Passing parameters to the service
- Set Service Request Values.
- Used with HTTP services only
- Function: uses the value of a control and stores that value into the body of the XML service request.
- Source Control. Specifies the control whose value must be used.
- Destination XPath Expression. The expression must point to an element or attribute node of the request body defined in the HTTP service under "XML Request Body"
- You can add as many such rows as you want using the "+" button, and remove existing entries with the trashcan icon.
- Set Database Service Parameters.
- Used with database services only.
- Function: uses the value of a control and sets that value as the Nth query parameter of the database service.
- Source Control. Specifies the control whose value must be used.
- Parameter Number.
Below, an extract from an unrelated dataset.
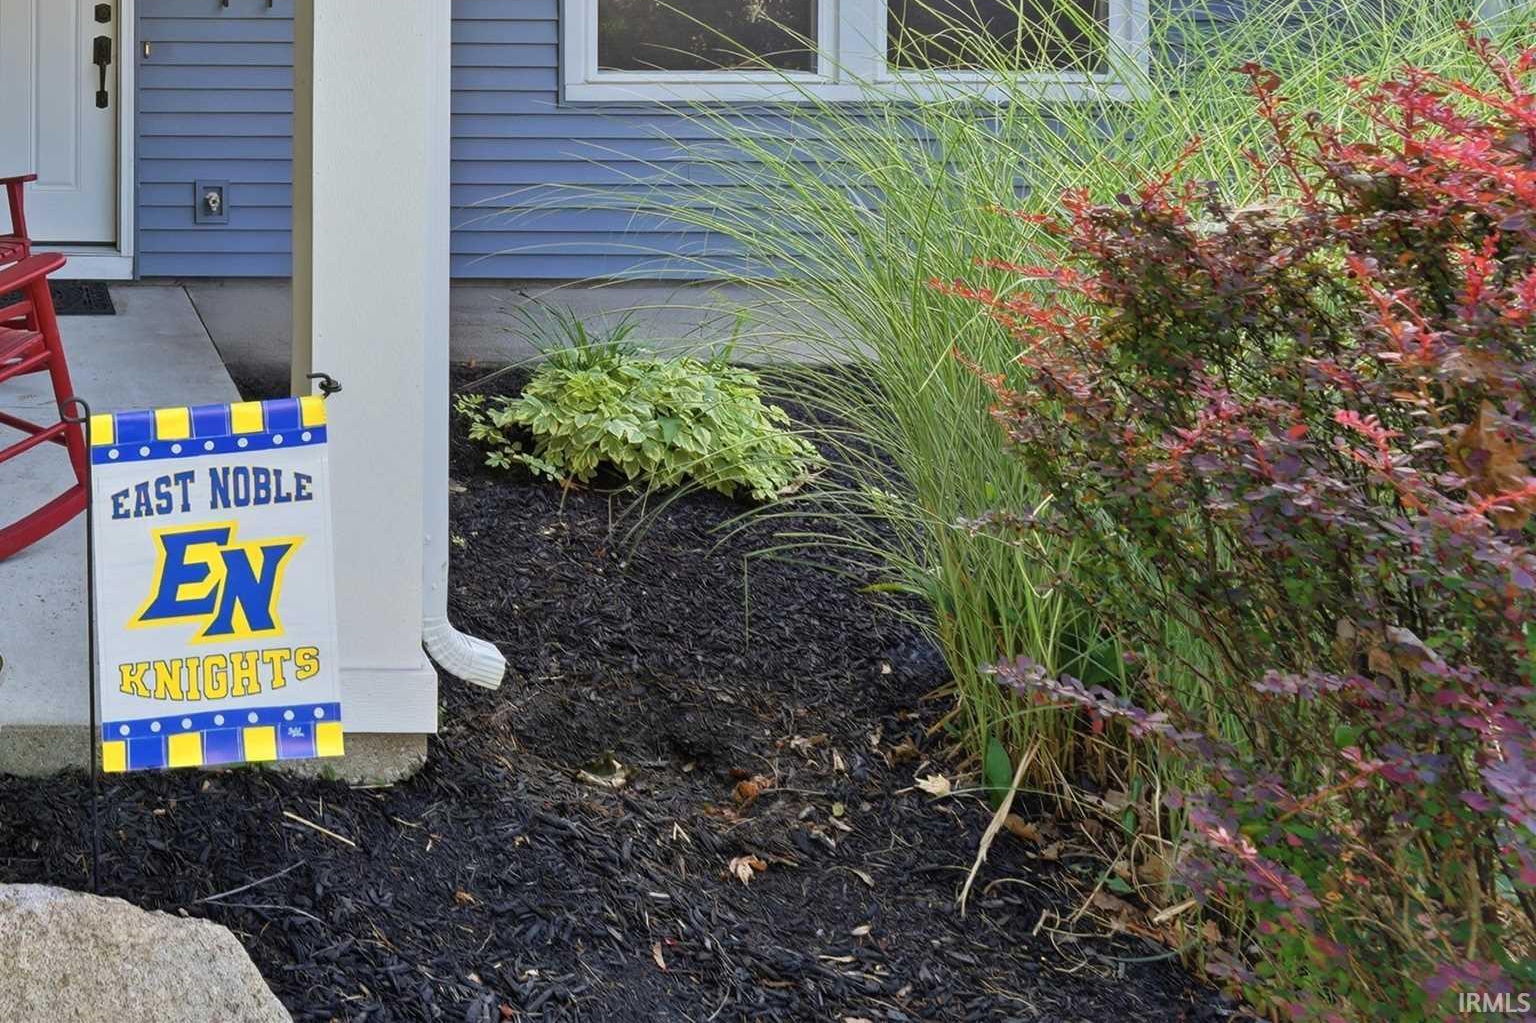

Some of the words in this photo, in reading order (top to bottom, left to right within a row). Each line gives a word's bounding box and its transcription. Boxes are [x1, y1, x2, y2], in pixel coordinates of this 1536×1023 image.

[111, 470, 195, 520] EAST
[208, 466, 313, 509] NOBLE
[134, 525, 296, 638] EN
[119, 646, 321, 701] KNIGHTS
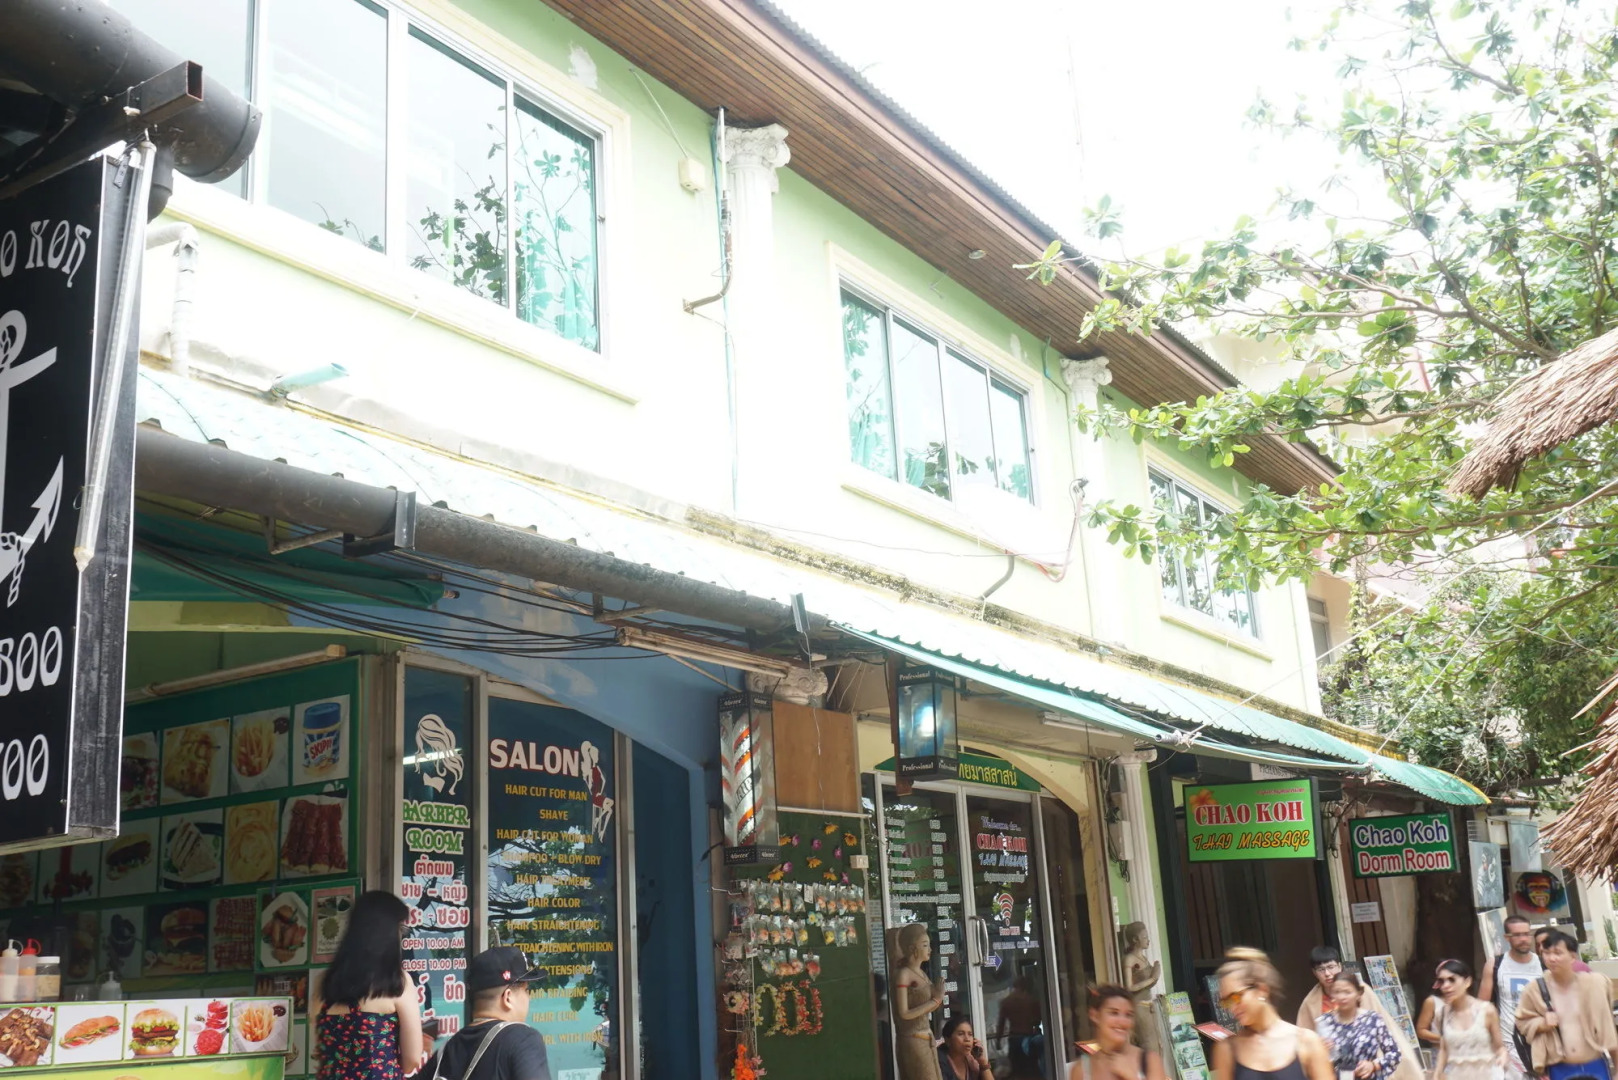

To set the first query parameter, use the value "1" (without the quotes), the second, "2", etc.
- You can add as many such rows as you want using the "+" button, and remove existing entries with the trashcan icon.
Handling the service response
The following is used if the service call is successful:
- Set Response Control Values.
- Function: uses a value returned by the service to set a control's value.
- Destination Control. Specifies the control whose value must be set.
- Destination XPath Expression. The expression must point to an element or attribute node of the response body returned by the service.
- You can add as many such rows as you want using the "+" button, and remove existing entries with the trashcan icon.
- Set response Selection Control Items.
- Function: uses values returned by the service to set a selection control's set of items (itemset) with them.
- Destination Selection Control. Specifies the selection control whose items must be set. Only selection controls appear in this list.
- Items.
- The XPath expression must point to a set of element or attribute nodes of the response body returned by the service.
- For each node returned, an item is created.
- Label. The XPath expression must return the text of the label for an item. It is relative to the item expression.
- Value. The XPath expression must return the text of the value for an item. It is relative to the item expression.
- All the previous items of the selection control are replaced with the items specified here.
- You can add as many such rows as you want using the "+" button, and remove existing entries with the trashcan icon.
Examples
The following screenshot shows a simple action posting a status update to Twitter:
In this example:
- The action is named "tweet"
- It reacts to the activation (click) of the "Tweet!" button (with name "tweet-button")
- [SINCE: 2011-12-01] It always run (as opposed to running only upon creation)
- When the button is activated, it calls the service named "twitter-update"
- Before calling the service, but after activation of the button, the value of the field "Tweet Here" (with name "twitter-message") is used to set the value of the <status> element of the request body, as specified in the service.
- No action is taken upon receiving a response from the service.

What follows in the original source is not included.